Some ties not condensing

Hi,

I have a condensed score but the flutes, that play in octaves did not keep the ties from the grace notes while in the oboes and clarinets they did.
Has anyone seen this behaviour? I searched the forum but did not find a true match on this.

Thanks in advance!
Frank

Condensing ties.pdf (35.8 KB)

FJJ, have you tried using slurs instead of ties?

Working on the Orchestration Challenge, are we? Kudos!

I’m afraid this is a current limitation of condensing: ties between notes in different voices or between grace notes and rhythmic notes are not currently condensed. This is something we have on our backlog to improve in future.

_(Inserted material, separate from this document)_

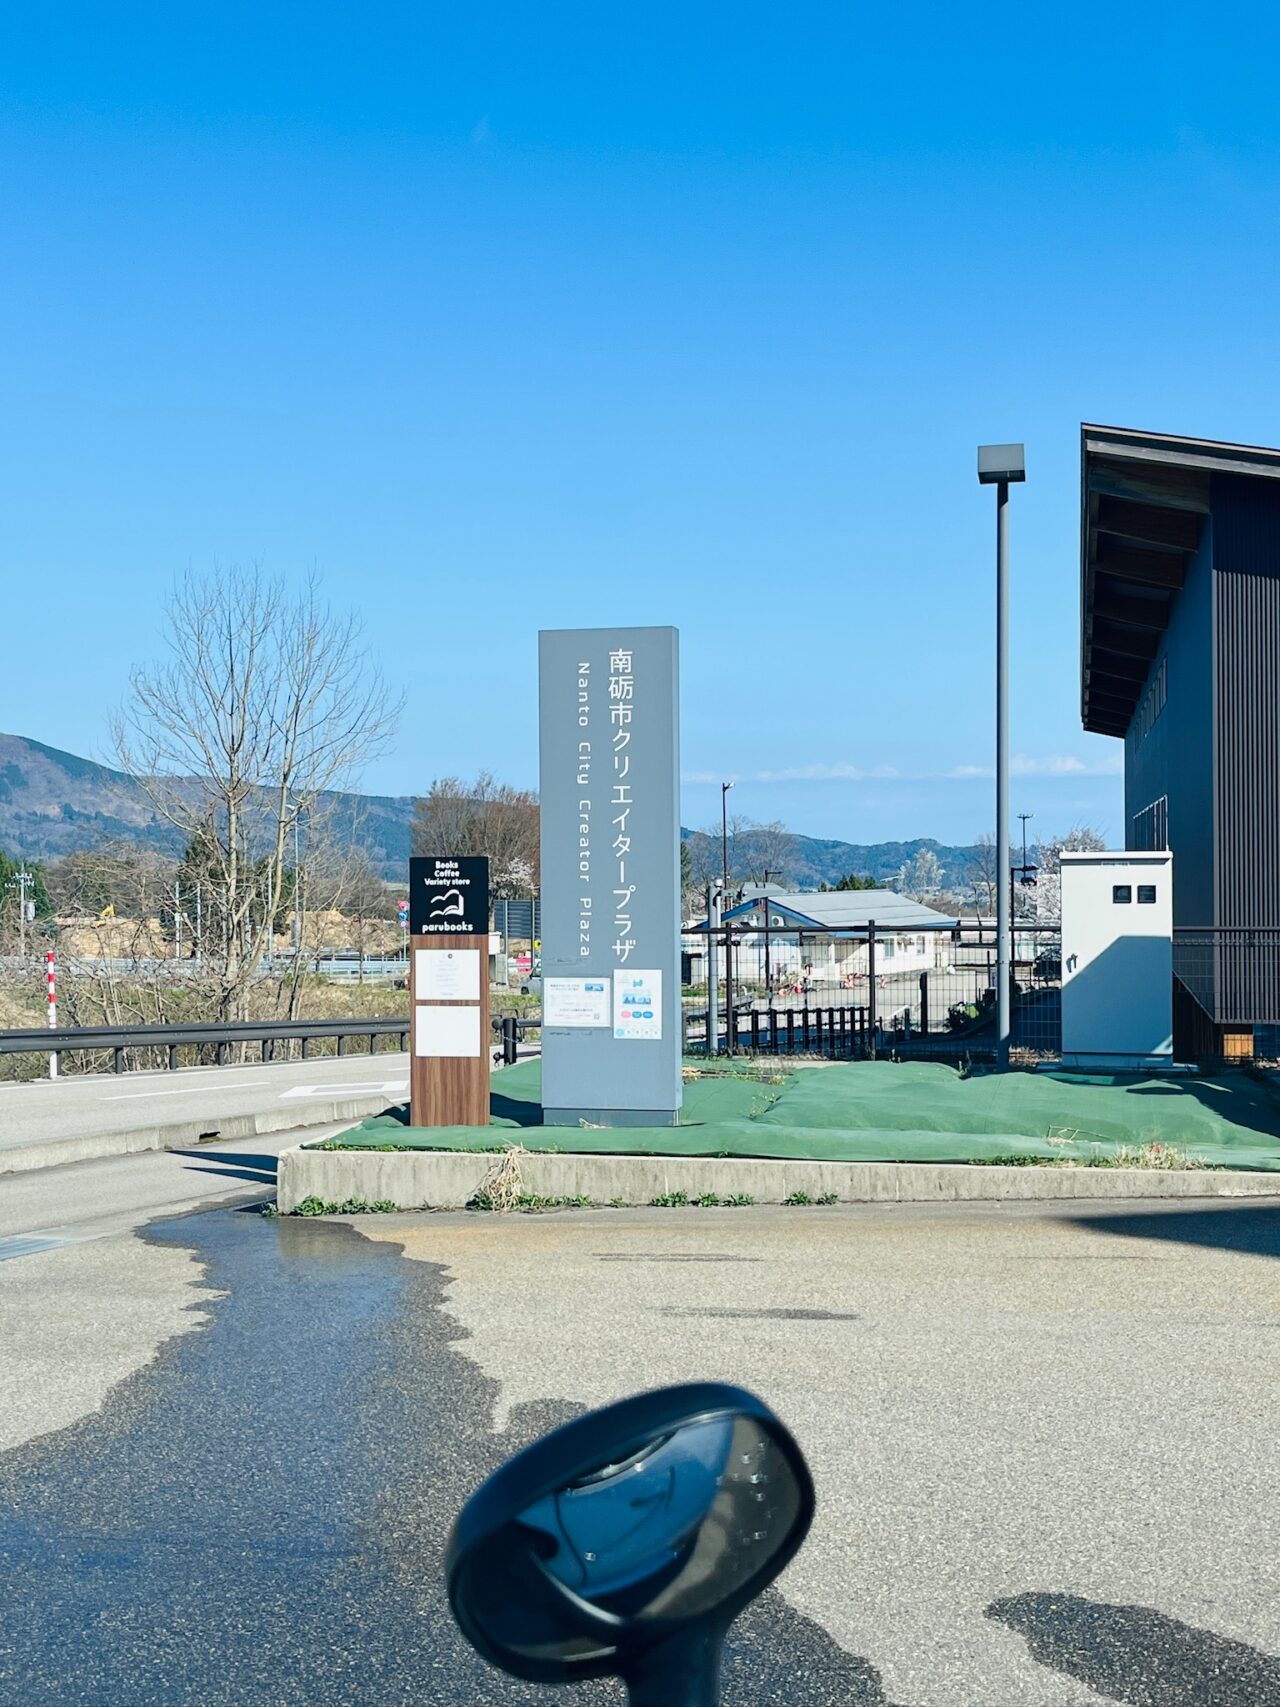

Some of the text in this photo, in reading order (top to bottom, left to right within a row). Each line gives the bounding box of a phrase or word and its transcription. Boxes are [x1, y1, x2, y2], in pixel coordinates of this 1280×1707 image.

Hey, that fragment looks familiar… :grinning_face_with_smiling_eyes: Looking forward to everybody’s take at it. Sent mine in a week ago. BTW, I noticed that several of the entrants of last year used Dorico. When seeing many arrangements of the same piece, you recognise what a difference it makes in engraving quality!

Regarding your score. How are you expecting the players to play this?

It makes no sense for wind players to have accents on grace notes that are tied to notes which themselves are accented. An accent is necessarily tongued, which would break the tie.

However, without the tie (that is causing you so much anxiety) it is perfectly playable. Alternatively remove the accent from the tied-in crotchets.

Ask Manuel de Falla. :smirk:
Granted, it’s a clumsy way to notate what de Falla wanted, but that’s how he did it. For my own purposes (in the challenge) I notated it differently.

No, Falla did not!
falla

The accent on the crotchet can only apply to the lower B as the upper B has been tied and will not re-sound.

Suit yourself. As I said, I handled it differently.

In the area of contemporary classical music that I work in, an accent within a slur will be interpreted by a wind player as a breath-only accent without tonguing. Similarly a string player can perform an accent without changing bow. It’s acceptable notation.

Yes, indeed! Very nice to work on this and get comments from Thomas Goss!

Thanks, Daniel, for your quick replies all the time! I don’t know how you manage all that. Truly great!